_Provided entries_

- - - - -

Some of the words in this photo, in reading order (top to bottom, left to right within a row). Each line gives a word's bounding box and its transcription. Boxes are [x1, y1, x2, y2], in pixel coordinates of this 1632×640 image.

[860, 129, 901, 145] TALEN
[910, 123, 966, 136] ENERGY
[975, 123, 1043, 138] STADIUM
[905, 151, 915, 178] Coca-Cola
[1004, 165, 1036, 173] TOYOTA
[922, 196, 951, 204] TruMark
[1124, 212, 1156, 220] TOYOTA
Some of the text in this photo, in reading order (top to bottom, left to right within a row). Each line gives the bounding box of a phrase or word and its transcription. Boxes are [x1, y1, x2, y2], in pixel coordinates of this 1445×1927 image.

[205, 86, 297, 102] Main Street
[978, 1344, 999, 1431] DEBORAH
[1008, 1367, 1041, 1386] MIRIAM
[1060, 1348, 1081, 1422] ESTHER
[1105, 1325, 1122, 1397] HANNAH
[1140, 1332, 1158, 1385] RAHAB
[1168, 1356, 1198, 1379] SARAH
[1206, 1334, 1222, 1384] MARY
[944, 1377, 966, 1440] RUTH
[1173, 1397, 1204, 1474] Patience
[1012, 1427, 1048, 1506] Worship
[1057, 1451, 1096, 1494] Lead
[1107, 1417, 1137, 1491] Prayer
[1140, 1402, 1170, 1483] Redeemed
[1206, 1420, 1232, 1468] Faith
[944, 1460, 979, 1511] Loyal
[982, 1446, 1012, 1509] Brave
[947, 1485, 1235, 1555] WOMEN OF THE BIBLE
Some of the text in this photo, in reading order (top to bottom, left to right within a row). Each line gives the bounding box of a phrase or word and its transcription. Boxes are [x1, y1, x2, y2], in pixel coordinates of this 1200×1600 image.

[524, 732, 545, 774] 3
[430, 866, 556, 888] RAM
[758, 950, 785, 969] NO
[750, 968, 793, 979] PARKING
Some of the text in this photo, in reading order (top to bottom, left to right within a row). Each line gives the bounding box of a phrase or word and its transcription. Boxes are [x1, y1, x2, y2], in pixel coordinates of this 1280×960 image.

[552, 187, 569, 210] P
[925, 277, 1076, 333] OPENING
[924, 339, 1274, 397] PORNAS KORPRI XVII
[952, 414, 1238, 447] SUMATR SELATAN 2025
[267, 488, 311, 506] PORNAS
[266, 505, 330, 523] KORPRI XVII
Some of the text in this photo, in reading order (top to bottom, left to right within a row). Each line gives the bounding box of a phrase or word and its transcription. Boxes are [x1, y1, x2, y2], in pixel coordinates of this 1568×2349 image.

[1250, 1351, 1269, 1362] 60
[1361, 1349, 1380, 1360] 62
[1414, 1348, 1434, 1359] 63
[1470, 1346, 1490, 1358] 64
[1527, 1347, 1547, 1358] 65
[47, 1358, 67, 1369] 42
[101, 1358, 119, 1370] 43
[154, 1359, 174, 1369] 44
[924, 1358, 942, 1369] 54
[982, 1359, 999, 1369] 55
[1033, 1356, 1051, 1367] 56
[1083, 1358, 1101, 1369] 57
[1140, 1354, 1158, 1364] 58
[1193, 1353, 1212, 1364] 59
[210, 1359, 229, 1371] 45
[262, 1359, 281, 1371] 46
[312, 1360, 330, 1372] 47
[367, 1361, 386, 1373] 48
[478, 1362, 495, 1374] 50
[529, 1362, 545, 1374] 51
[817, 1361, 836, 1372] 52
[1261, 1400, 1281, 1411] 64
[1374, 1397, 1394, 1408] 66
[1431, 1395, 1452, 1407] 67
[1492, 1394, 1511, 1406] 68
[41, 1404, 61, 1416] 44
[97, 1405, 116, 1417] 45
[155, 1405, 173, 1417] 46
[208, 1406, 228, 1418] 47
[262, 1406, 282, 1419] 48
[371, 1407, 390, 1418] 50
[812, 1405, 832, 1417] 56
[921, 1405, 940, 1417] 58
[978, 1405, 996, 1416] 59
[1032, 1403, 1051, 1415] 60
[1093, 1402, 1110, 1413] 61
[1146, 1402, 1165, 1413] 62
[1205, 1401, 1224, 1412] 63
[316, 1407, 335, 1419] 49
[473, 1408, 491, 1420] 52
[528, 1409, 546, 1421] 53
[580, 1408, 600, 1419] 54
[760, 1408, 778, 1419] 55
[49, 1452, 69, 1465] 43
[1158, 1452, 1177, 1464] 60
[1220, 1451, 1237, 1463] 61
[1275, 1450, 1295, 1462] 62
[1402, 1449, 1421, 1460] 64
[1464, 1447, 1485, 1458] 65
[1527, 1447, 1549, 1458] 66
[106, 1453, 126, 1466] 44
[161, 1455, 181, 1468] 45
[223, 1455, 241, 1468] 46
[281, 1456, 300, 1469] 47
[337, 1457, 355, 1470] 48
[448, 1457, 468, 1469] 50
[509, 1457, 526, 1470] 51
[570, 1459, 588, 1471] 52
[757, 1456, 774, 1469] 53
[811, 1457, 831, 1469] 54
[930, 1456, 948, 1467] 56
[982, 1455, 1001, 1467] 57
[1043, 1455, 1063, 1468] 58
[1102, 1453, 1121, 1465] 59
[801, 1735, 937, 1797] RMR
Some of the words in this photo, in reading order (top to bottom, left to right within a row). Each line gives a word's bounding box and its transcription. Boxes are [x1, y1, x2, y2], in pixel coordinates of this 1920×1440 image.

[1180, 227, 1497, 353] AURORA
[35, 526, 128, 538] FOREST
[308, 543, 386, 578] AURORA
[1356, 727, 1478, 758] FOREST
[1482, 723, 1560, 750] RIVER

- - - - -

Every entry should be output exactly as written, please.

Some of the words in this photo, in reading order (top to bottom, left to right within a row). Each line gives a word's bounding box and its transcription. Boxes are [x1, y1, x2, y2], in pixel coordinates of this 1632×640 image.

[860, 129, 901, 145] TALEN
[910, 123, 966, 136] ENERGY
[975, 123, 1043, 138] STADIUM
[905, 151, 915, 178] Coca-Cola
[1004, 165, 1036, 173] TOYOTA
[922, 196, 951, 204] TruMark
[1124, 212, 1156, 220] TOYOTA
Some of the text in this photo, in reading order (top to bottom, left to right within a row). Each line gives the bounding box of a phrase or word and its transcription. Boxes are [x1, y1, x2, y2], in pixel coordinates of this 1445×1927 image.

[205, 86, 297, 102] Main Street
[978, 1344, 999, 1431] DEBORAH
[1008, 1367, 1041, 1386] MIRIAM
[1060, 1348, 1081, 1422] ESTHER
[1105, 1325, 1122, 1397] HANNAH
[1140, 1332, 1158, 1385] RAHAB
[1168, 1356, 1198, 1379] SARAH
[1206, 1334, 1222, 1384] MARY
[944, 1377, 966, 1440] RUTH
[1173, 1397, 1204, 1474] Patience
[1012, 1427, 1048, 1506] Worship
[1057, 1451, 1096, 1494] Lead
[1107, 1417, 1137, 1491] Prayer
[1140, 1402, 1170, 1483] Redeemed
[1206, 1420, 1232, 1468] Faith
[944, 1460, 979, 1511] Loyal
[982, 1446, 1012, 1509] Brave
[947, 1485, 1235, 1555] WOMEN OF THE BIBLE
Some of the text in this photo, in reading order (top to bottom, left to right within a row). Each line gives the bounding box of a phrase or word and its transcription. Boxes are [x1, y1, x2, y2], in pixel coordinates of this 1200×1600 image.

[524, 732, 545, 774] 3
[430, 866, 556, 888] RAM
[758, 950, 785, 969] NO
[750, 968, 793, 979] PARKING
Some of the text in this photo, in reading order (top to bottom, left to right within a row). Each line gives the bounding box of a phrase or word and its transcription. Boxes are [x1, y1, x2, y2], in pixel coordinates of this 1280×960 image.

[552, 187, 569, 210] P
[925, 277, 1076, 333] OPENING
[924, 339, 1274, 397] PORNAS KORPRI XVII
[952, 414, 1238, 447] SUMATR SELATAN 2025
[267, 488, 311, 506] PORNAS
[266, 505, 330, 523] KORPRI XVII
Some of the text in this photo, in reading order (top to bottom, left to right within a row). Each line gives the bounding box of a phrase or word and its transcription. Boxes are [x1, y1, x2, y2], in pixel coordinates of this 1568×2349 image.

[1250, 1351, 1269, 1362] 60
[1361, 1349, 1380, 1360] 62
[1414, 1348, 1434, 1359] 63
[1470, 1346, 1490, 1358] 64
[1527, 1347, 1547, 1358] 65
[47, 1358, 67, 1369] 42
[101, 1358, 119, 1370] 43
[154, 1359, 174, 1369] 44
[924, 1358, 942, 1369] 54
[982, 1359, 999, 1369] 55
[1033, 1356, 1051, 1367] 56
[1083, 1358, 1101, 1369] 57
[1140, 1354, 1158, 1364] 58
[1193, 1353, 1212, 1364] 59
[210, 1359, 229, 1371] 45
[262, 1359, 281, 1371] 46
[312, 1360, 330, 1372] 47
[367, 1361, 386, 1373] 48
[478, 1362, 495, 1374] 50
[529, 1362, 545, 1374] 51
[817, 1361, 836, 1372] 52
[1261, 1400, 1281, 1411] 64
[1374, 1397, 1394, 1408] 66
[1431, 1395, 1452, 1407] 67
[1492, 1394, 1511, 1406] 68
[41, 1404, 61, 1416] 44
[97, 1405, 116, 1417] 45
[155, 1405, 173, 1417] 46
[208, 1406, 228, 1418] 47
[262, 1406, 282, 1419] 48
[371, 1407, 390, 1418] 50
[812, 1405, 832, 1417] 56
[921, 1405, 940, 1417] 58
[978, 1405, 996, 1416] 59
[1032, 1403, 1051, 1415] 60
[1093, 1402, 1110, 1413] 61
[1146, 1402, 1165, 1413] 62
[1205, 1401, 1224, 1412] 63
[316, 1407, 335, 1419] 49
[473, 1408, 491, 1420] 52
[528, 1409, 546, 1421] 53
[580, 1408, 600, 1419] 54
[760, 1408, 778, 1419] 55
[49, 1452, 69, 1465] 43
[1158, 1452, 1177, 1464] 60
[1220, 1451, 1237, 1463] 61
[1275, 1450, 1295, 1462] 62
[1402, 1449, 1421, 1460] 64
[1464, 1447, 1485, 1458] 65
[1527, 1447, 1549, 1458] 66
[106, 1453, 126, 1466] 44
[161, 1455, 181, 1468] 45
[223, 1455, 241, 1468] 46
[281, 1456, 300, 1469] 47
[337, 1457, 355, 1470] 48
[448, 1457, 468, 1469] 50
[509, 1457, 526, 1470] 51
[570, 1459, 588, 1471] 52
[757, 1456, 774, 1469] 53
[811, 1457, 831, 1469] 54
[930, 1456, 948, 1467] 56
[982, 1455, 1001, 1467] 57
[1043, 1455, 1063, 1468] 58
[1102, 1453, 1121, 1465] 59
[801, 1735, 937, 1797] RMR
Some of the words in this photo, in reading order (top to bottom, left to right within a row). Each line gives a word's bounding box and its transcription. Boxes are [x1, y1, x2, y2], in pixel coordinates of this 1920×1440 image.

[1180, 227, 1497, 353] AURORA
[35, 526, 128, 538] FOREST
[308, 543, 386, 578] AURORA
[1356, 727, 1478, 758] FOREST
[1482, 723, 1560, 750] RIVER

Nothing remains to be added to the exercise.